Sunday, March 27, 2011

Waiting for Superman: A Review

"The primary, the most urgent requirement is the promotion of education. It is inconceivable that any nation should achieve prosperity and success unless this paramount, this fundamental concern is carried forward. The principal reason for the decline and fall of peoples is ignorance." (Abdu'l-Baha, The Secret of Divine Civilization, p. 109)

It seems that at least once a year the media has a story about yet another study that makes me want to hide by passport in embarrassment. The latest is from NEWSWEEK. Read it and weep:

"They’re the sort of scores that drive high-school history teachers to drink. When NEWSWEEK recently asked 1,000 U.S. citizens to take America’s official citizenship test, 29 percent couldn’t name the vice president. Seventy-three percent couldn’t correctly say why we fought the Cold War. Forty-four percent were unable to define the Bill of Rights. And 6 percent couldn’t even circle Independence Day on a calendar." (Read the whole thing here if you dare)
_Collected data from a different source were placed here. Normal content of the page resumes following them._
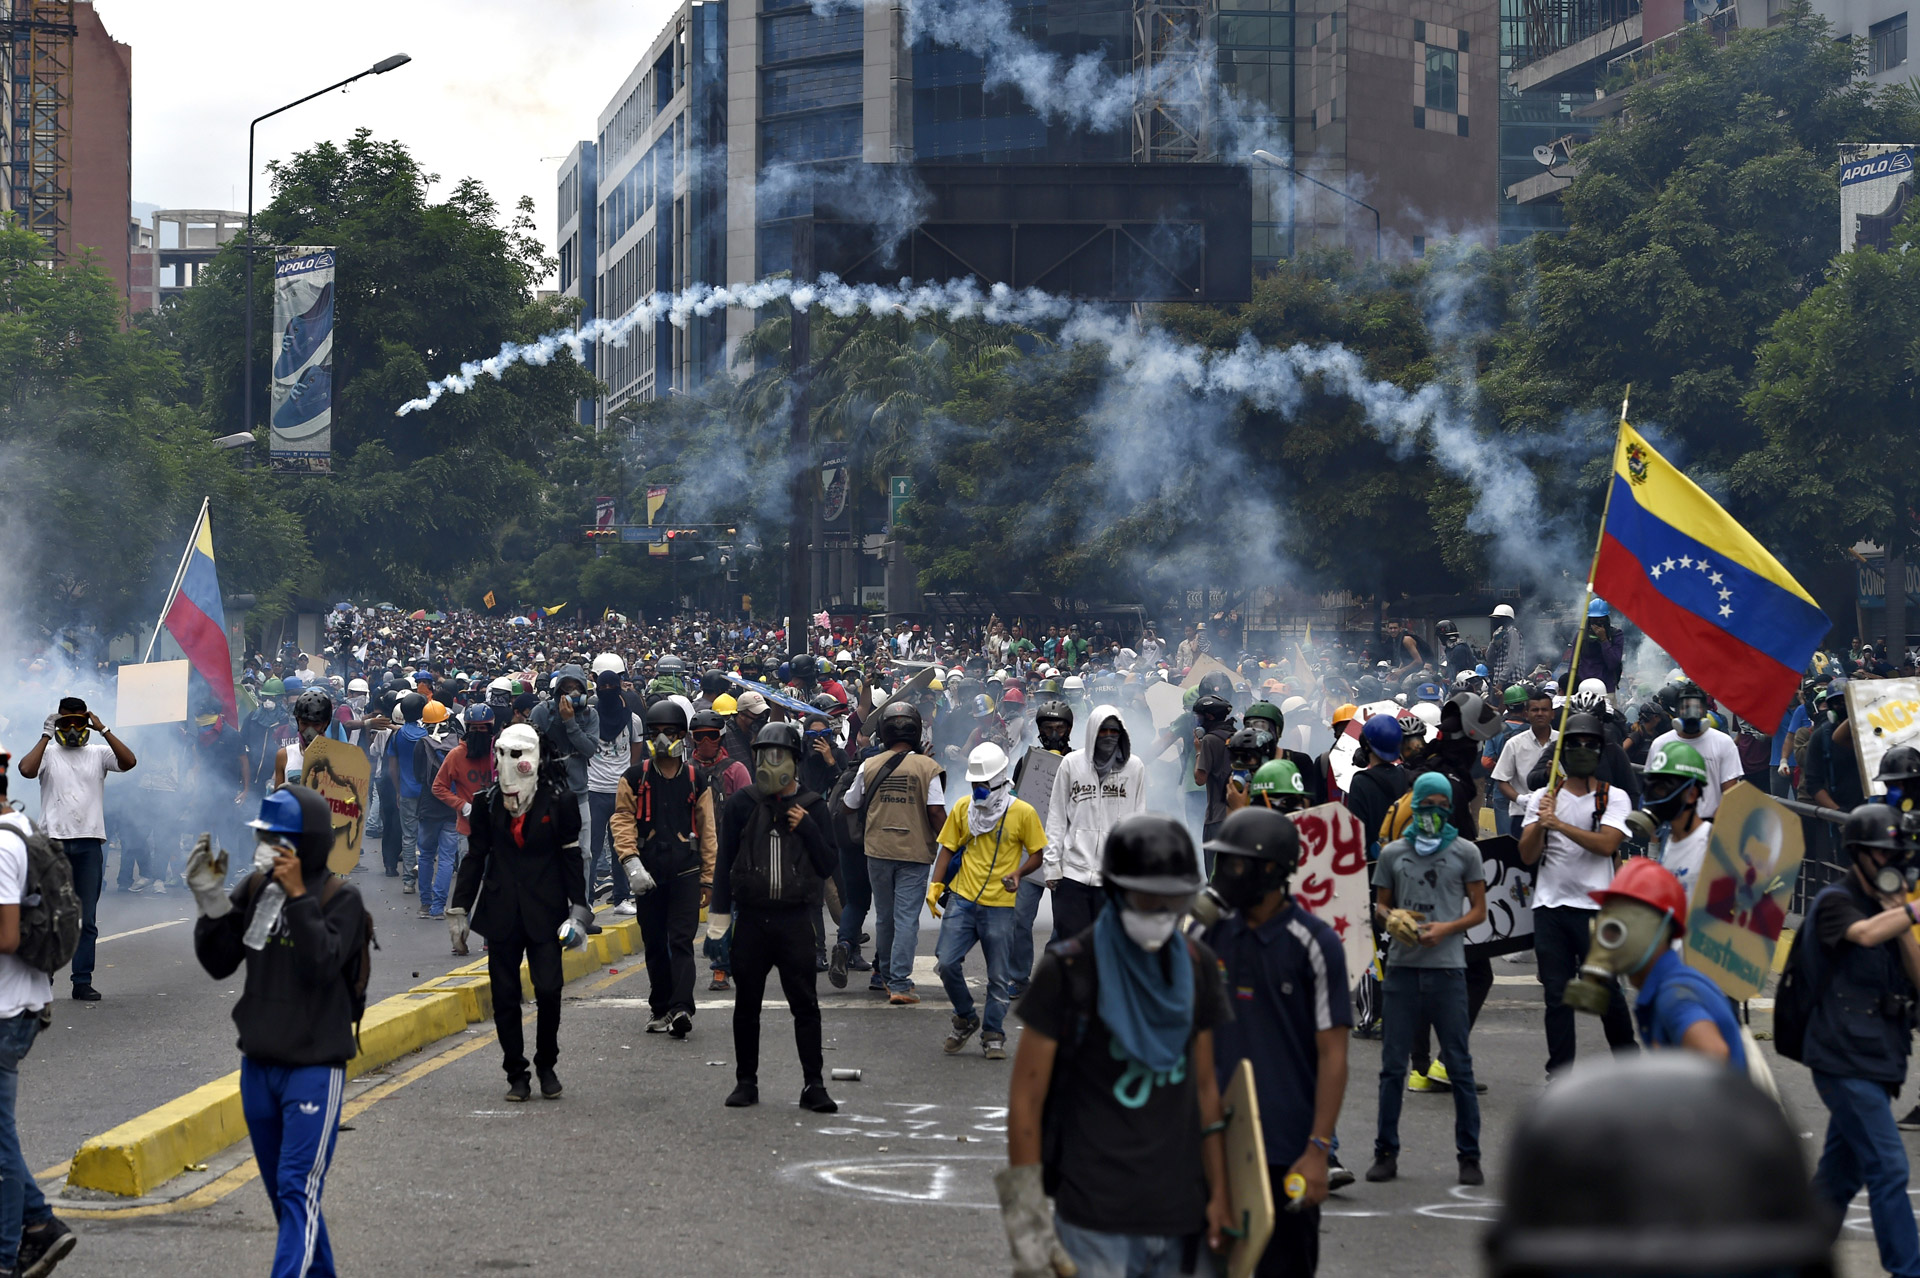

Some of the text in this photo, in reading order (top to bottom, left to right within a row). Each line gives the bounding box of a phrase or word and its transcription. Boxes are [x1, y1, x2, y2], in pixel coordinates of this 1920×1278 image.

[1842, 160, 1888, 181] APOLO
[277, 258, 315, 274] APOLO
[1253, 781, 1275, 790] CALLE
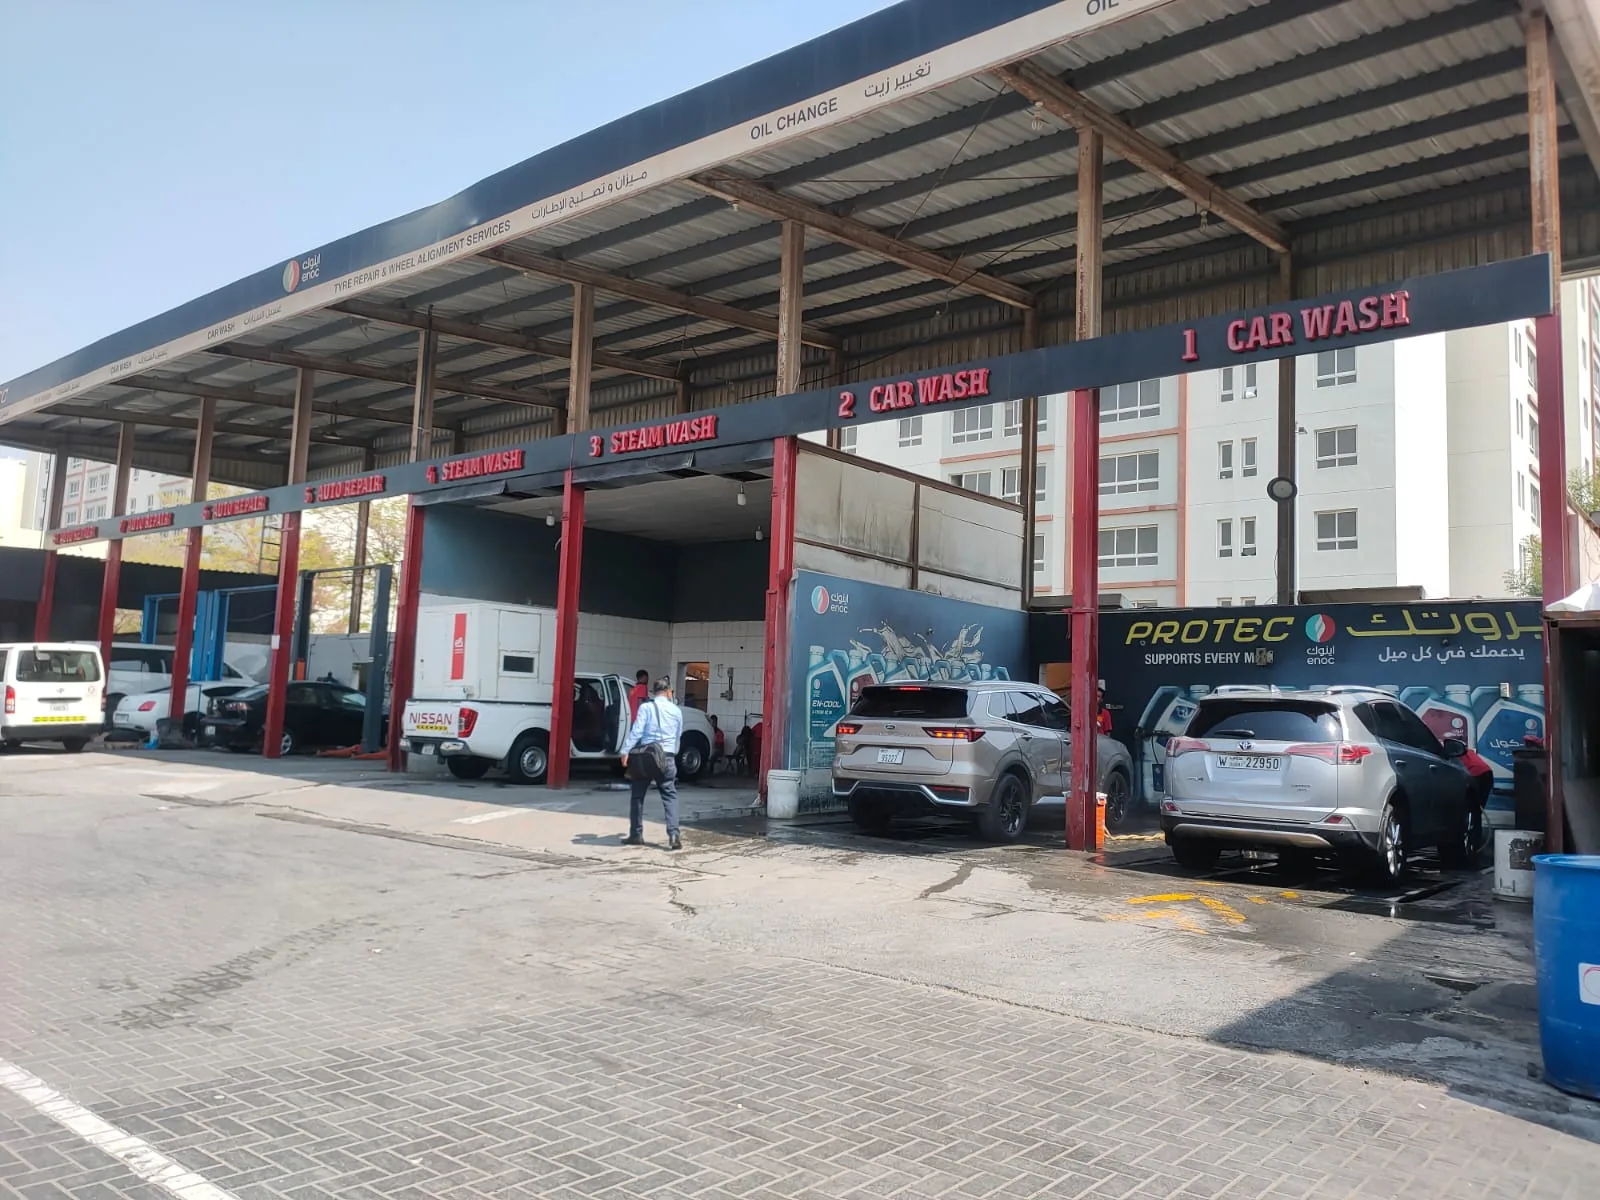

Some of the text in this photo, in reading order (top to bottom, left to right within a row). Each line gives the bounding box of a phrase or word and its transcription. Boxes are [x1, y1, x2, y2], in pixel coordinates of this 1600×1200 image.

[864, 61, 931, 98] تغيير زيت
[750, 97, 838, 140] OIL CHANGE
[334, 220, 511, 293] TYRE REPAIR & WHEEL ALIGNMENT SERVICES
[302, 268, 319, 282] enoc
[207, 322, 235, 340] CAR WASH
[1182, 290, 1410, 361] 1 CAR WASH
[838, 368, 990, 418] 2 CAR WASH
[589, 415, 717, 457] 3 STEAM WASH
[441, 456, 483, 480] STEAM
[483, 449, 523, 475] WASH
[317, 482, 345, 501] AUTO
[344, 475, 385, 497] REPAIR
[831, 604, 848, 614] enoc
[1125, 617, 1295, 644] PROTEC
[1145, 652, 1201, 665] SUPPORTS
[1205, 652, 1240, 664] EVERY
[1306, 657, 1335, 665] enoc
[1378, 645, 1525, 664] يدعمك في كل ميل
[409, 712, 453, 725] NISSAN
[1219, 756, 1227, 767] W
[1246, 757, 1279, 770] 22950
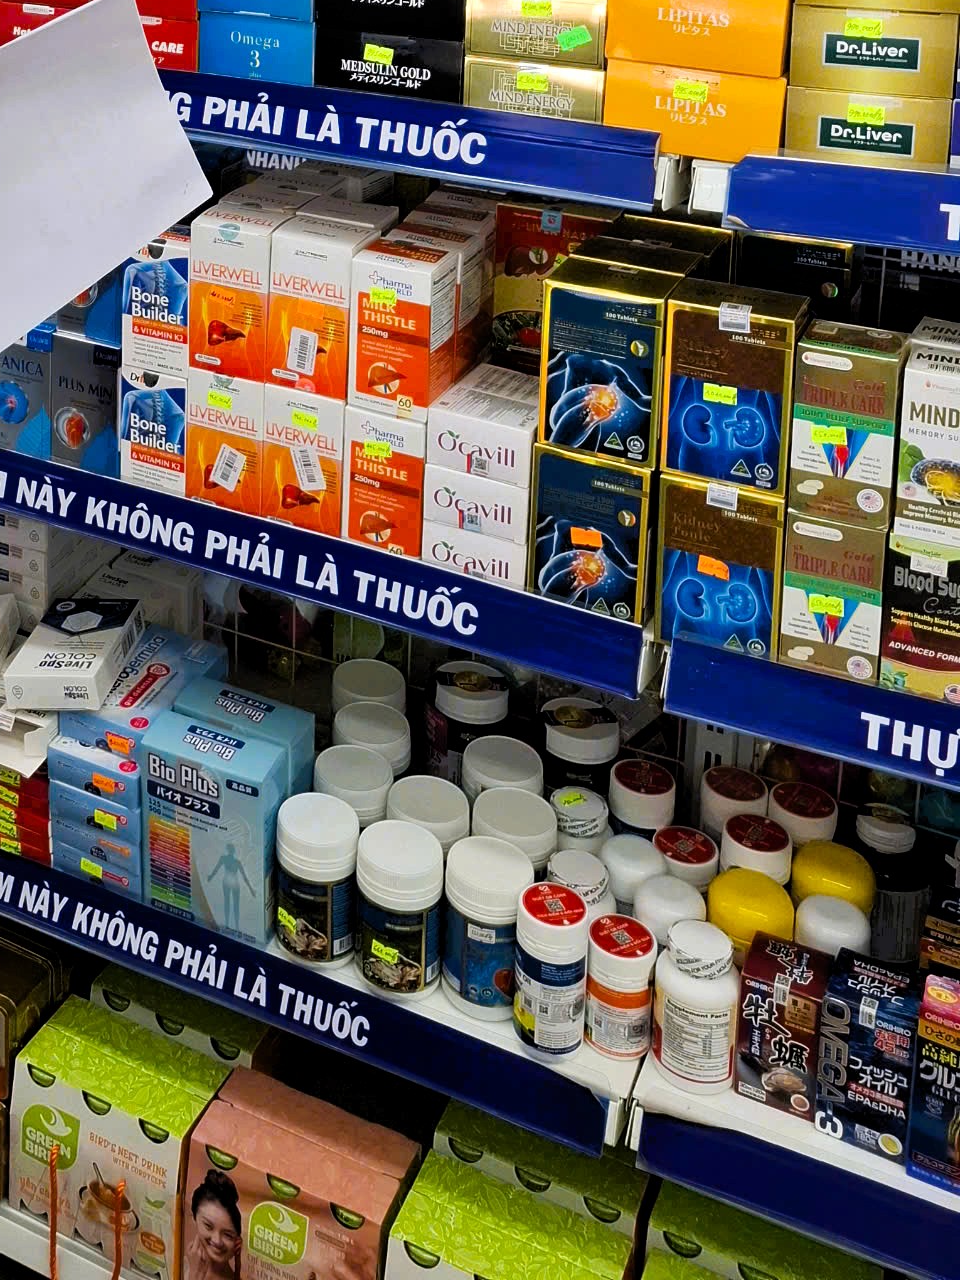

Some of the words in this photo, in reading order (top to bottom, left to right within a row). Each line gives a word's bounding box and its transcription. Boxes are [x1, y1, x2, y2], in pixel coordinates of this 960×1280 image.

[657, 7, 730, 27] LIPITAS
[151, 42, 184, 54] CARE
[230, 30, 280, 49] Omega
[836, 40, 908, 57] Dr.Liver
[340, 59, 399, 76] MEDSULIN
[400, 67, 431, 81] GOLD
[202, 93, 283, 138] PHẢI
[295, 104, 340, 144] LÀ
[356, 116, 487, 165] THUỐC
[192, 260, 263, 286] LIVERWELL
[131, 287, 169, 307] Bone
[272, 273, 346, 300] LIVERWELL
[131, 302, 184, 325] Builder
[363, 310, 416, 330] THISTLE
[617, 313, 638, 322] Tablets
[361, 326, 388, 337] 250mg
[743, 336, 766, 345] Tablets
[1, 355, 44, 377] ANICA
[58, 375, 85, 393] PLUS
[87, 382, 113, 400] MIN
[398, 397, 412, 408] 60
[130, 412, 167, 432] Bone
[130, 429, 181, 453] Builder
[908, 427, 945, 440] MEMORY
[354, 473, 380, 487] 250mg
[15, 476, 76, 518] NÀY
[85, 499, 193, 555] KHÔNG
[205, 533, 283, 580] PHẢI
[295, 553, 339, 596] LÀ
[352, 570, 480, 637] THUỐC
[893, 566, 934, 594] Blood
[147, 752, 176, 783] Bio
[180, 761, 220, 799] Plus
[18, 879, 68, 922] NÀY
[72, 900, 160, 961] KHÔNG
[163, 937, 228, 991] PHẢI
[233, 966, 269, 1008] LÀ
[278, 982, 371, 1048] THUỐC
[849, 1055, 909, 1088] フィッシュ
[847, 1092, 906, 1120] EPA&DHA
[141, 1155, 169, 1178] DRINK
[254, 1224, 299, 1254] GREEN
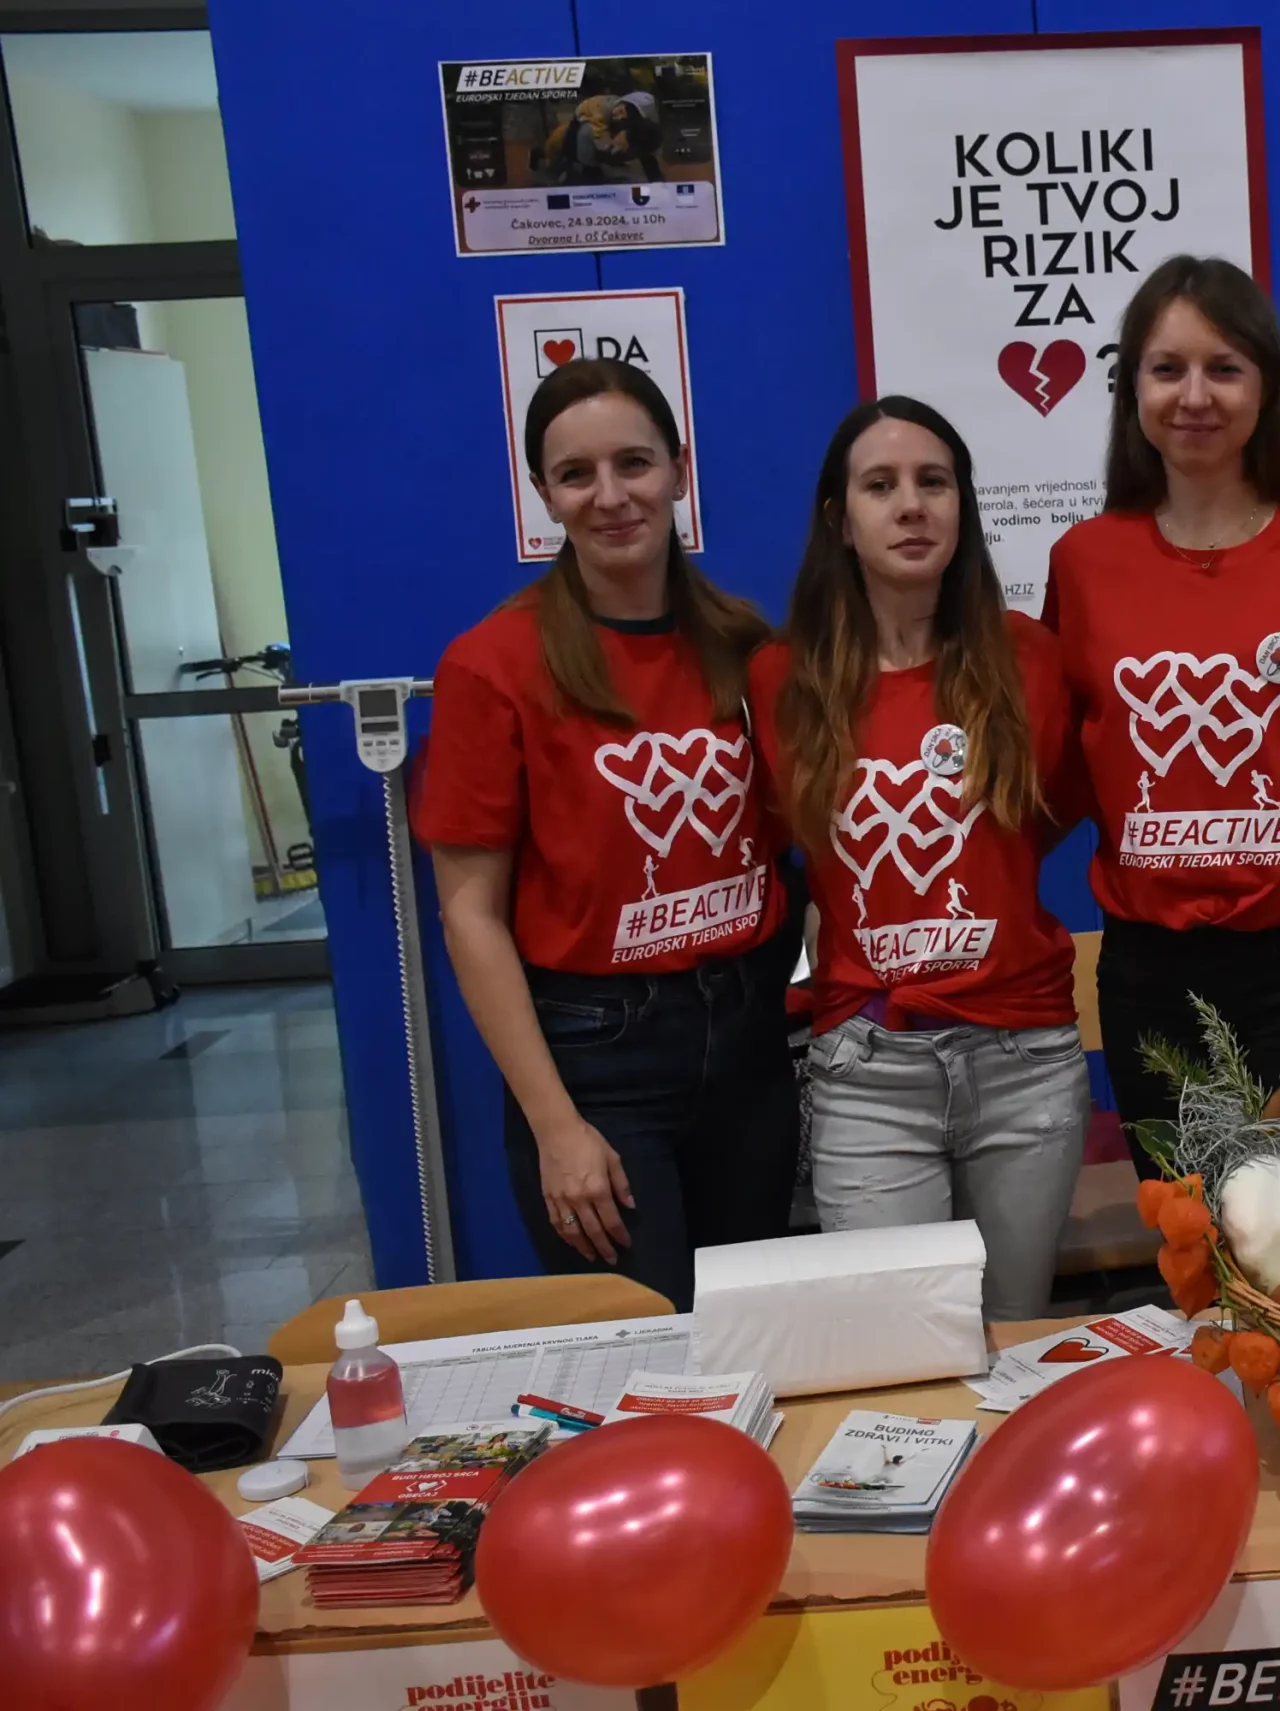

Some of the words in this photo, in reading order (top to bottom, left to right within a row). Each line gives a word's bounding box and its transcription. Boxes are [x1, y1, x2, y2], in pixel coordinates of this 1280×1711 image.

[464, 65, 580, 88] #BEACTIVE
[456, 92, 502, 103] EUROPSKI
[504, 91, 540, 101] TJEDAN
[541, 89, 578, 100] SPORTA
[954, 128, 1154, 178] KOLIKI
[934, 185, 1003, 230] JE
[1026, 178, 1181, 226] TVOJ
[510, 217, 566, 230] Čakovec,
[631, 215, 641, 225] u
[643, 213, 667, 224] 10h
[528, 234, 573, 246] Dvorana
[585, 231, 599, 243] OŠ
[602, 230, 645, 242] Čakovec
[982, 230, 1140, 278] RIZIK
[1013, 283, 1096, 328] ZA
[596, 335, 650, 363] DA
[1034, 480, 1097, 496] vrijednosti
[979, 500, 1018, 512] terola,
[1022, 497, 1064, 510] šećera
[1069, 499, 1077, 507] u
[992, 514, 1041, 527] vodimo
[1051, 512, 1084, 526] bolju
[1005, 583, 1035, 596] HZJZ
[1178, 853, 1235, 868] TJEDAN
[611, 935, 687, 964] EUROPSKI
[691, 923, 734, 946] TJEDAN
[735, 912, 762, 932] SPO
[922, 960, 981, 974] SPORTA
[472, 1344, 502, 1354] TABLICA
[503, 1340, 541, 1350] MJERENJA
[542, 1337, 574, 1347] KRVNOG
[575, 1335, 599, 1343] TLAKA
[844, 1429, 901, 1443] ZDRAVI
[904, 1436, 910, 1444] I
[915, 1437, 955, 1446] VITKI
[873, 1423, 936, 1437] BUDIMO
[418, 1472, 452, 1480] HEROJ
[884, 1641, 961, 1671] podi
[892, 1666, 983, 1686] energ
[405, 1671, 557, 1706] podijelite
NEWSWEEK asks the provocative question, "how dumb are we?". This question could serve as the unofficial subtitle of the documentary "Waiting for Superman". In this case, the question would apply not only to the poorly educated children being produced by too many of our public schools, but also to the adults who allow this to continue day after day.

"Waiting for Superman" is a highly informative, thought-provoking, and heart-string-pulling documentary. One of its strengths is putting a human face on the education debate through profiling several children and their families as they strive for something that should not be so hard to find; a decent education. From the Bronx to LA, you get a glimpse into their dreams and their nightmares. I found myself hoping along with their loved ones depicted on film for these kids to succeed. I haven't cried watching a film in a long time and this one broke my heart in half.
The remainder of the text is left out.